I just had to add GORGEOUS SHARLENE  Are you going into business? Hint Hint!


----------



## hartman studio (Feb 14, 2008)

I use the susan lanci ultrasuede harnesses on Cocotini- you can see them on www.gwlittle.com website. they are very soft and cause minimal matting. Although I have some of the velcro closure types, my favorite is her new step in ultrasuede harness with the buckle closure on top. If Cocotini decides to pull, I don't worry about the velcro coming undone. She also makes those in larger sizes, too. Most of the ones she used to make were too small for most Havs. Cocotini wears a medium in the new style and she is a small havanese.


----------



## SMARTY (Apr 19, 2007)

I started a thread on how much I hated what the harness did to my girls’ coats. I never use them any more. We use rolled leather collars most of the time but Galen will back out of it. I bought her a martingale at the show but she will not walk once it tightens down, she will sit and wait for me to come get her. Her hair gets caught in the choke portion. 

I really like the concept of some I have seen that are a figure 8. They go around the neck then behind the front legs with the leash attaching at the intersection of the 8. You might still get the tangles under the front legs but not the chest. My draw back to these is the way they were made with little stones and the leash attachment. I have also considered making one out of some from of satin or silk.

Ann if you are trying to train your dogs, I would suggest one dog at a time, even if the walks are shorter. It is so hard to correct or praise when you have multiples, I was not allowed to work my girls at the same time. Once they had the healing and loose lead walking could take them anywhere on walks.
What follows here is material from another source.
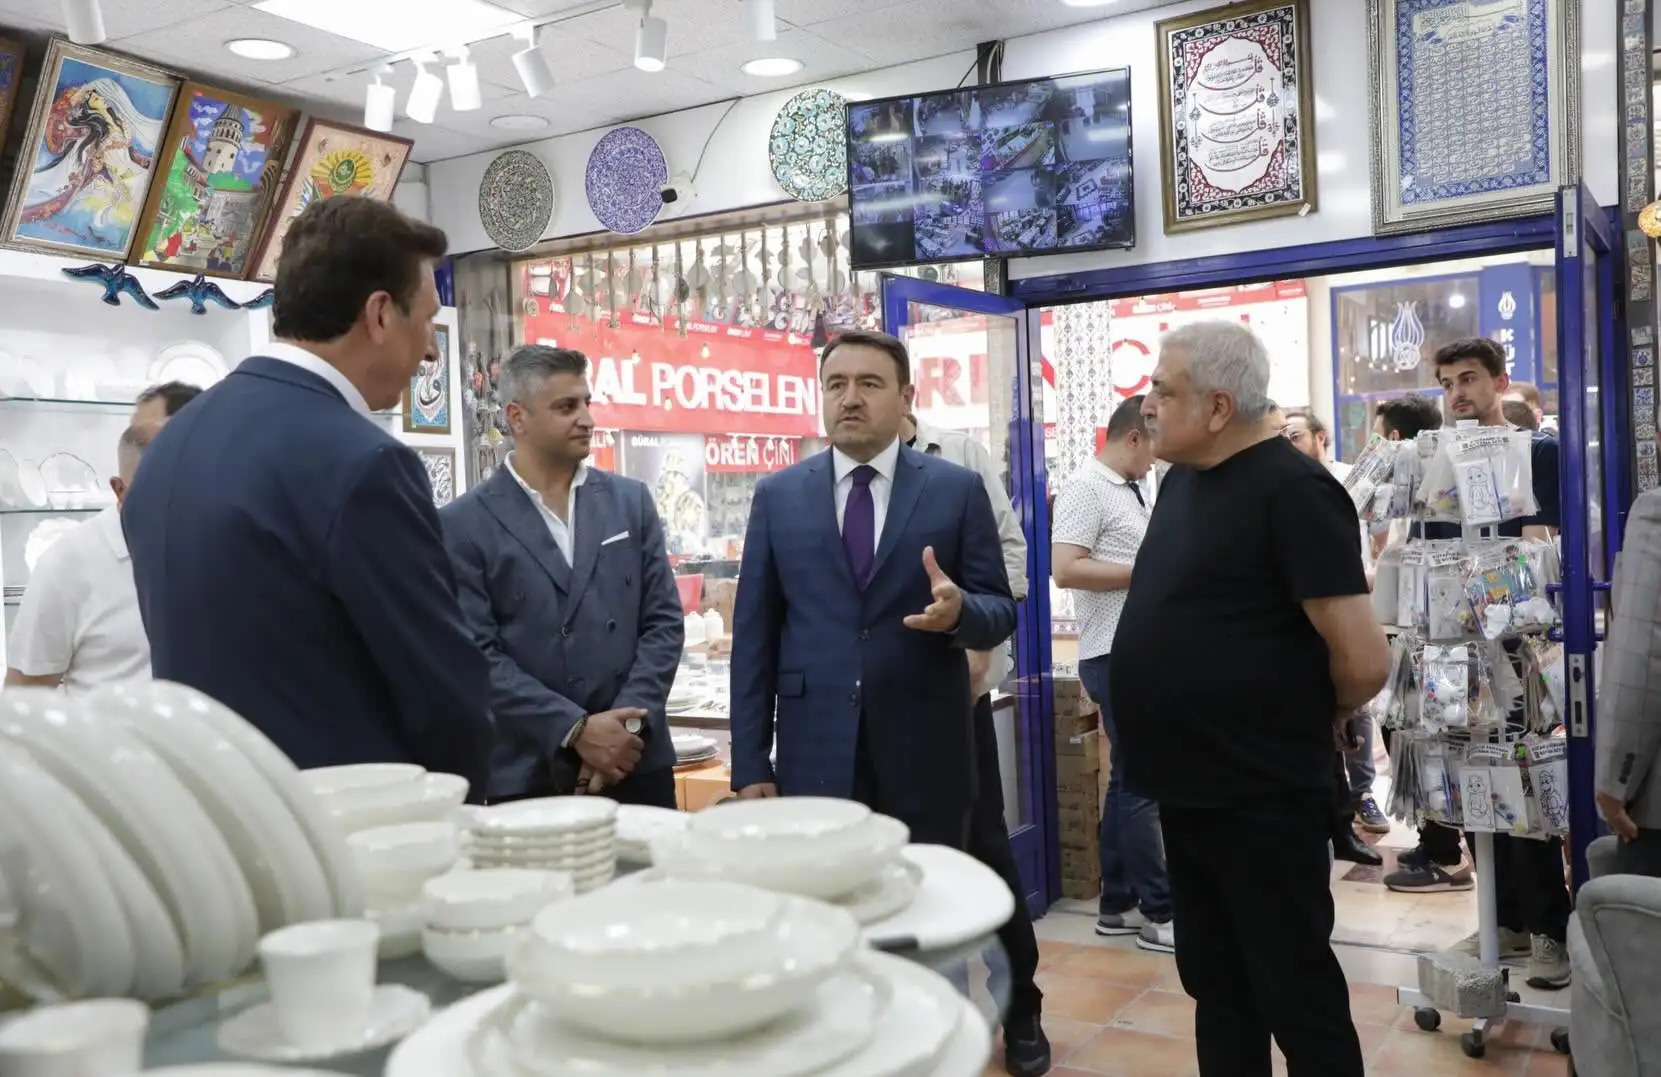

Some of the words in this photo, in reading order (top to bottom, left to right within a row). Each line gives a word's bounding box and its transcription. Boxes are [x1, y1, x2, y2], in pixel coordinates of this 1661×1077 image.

[586, 356, 647, 406] AL
[651, 361, 816, 416] PORSELEN
[705, 438, 759, 466] ÖREN
We still have separate training times so each dog know the treat, praise or correction is for them. Short sessions accomplish a lot.


----------



## KSC (Aug 6, 2009)

Wow..so much great advice in this thread..I wonder if anyone can add links to the collars and harnesses you're referring to? I am specifically interested in:

- martingale collars - are these leather?
- rolled leather collars
- and especially rolled leather harnesses

I do like to use a harness on Kipling when we walk. Like others, he does well most of the time prancing on a loose lead, but if there's a bird, squirrel, leaf, sock (ha ha)...he will bolt and I don't like to risk his trachea...so for walks he's in a harness. Now that he's managed to CHEW one of the fasteners on his harness it's time for a new one and the rolled leather one sounds like a nice alternative. Plus..it is Kipling's birthday next week so a little something new would be nice too!



Thanks in advance for your help on this.


----------



## Scooter's Family (May 23, 2008)

Evye's Mom said:


> Here is a picture of Taylor's satin-lined Martingale collar. I keep saying I am going to try to make one for Evye, just haven't done it yet. I may just order one for her. Nice weather is here and hard to get in the mood to sew.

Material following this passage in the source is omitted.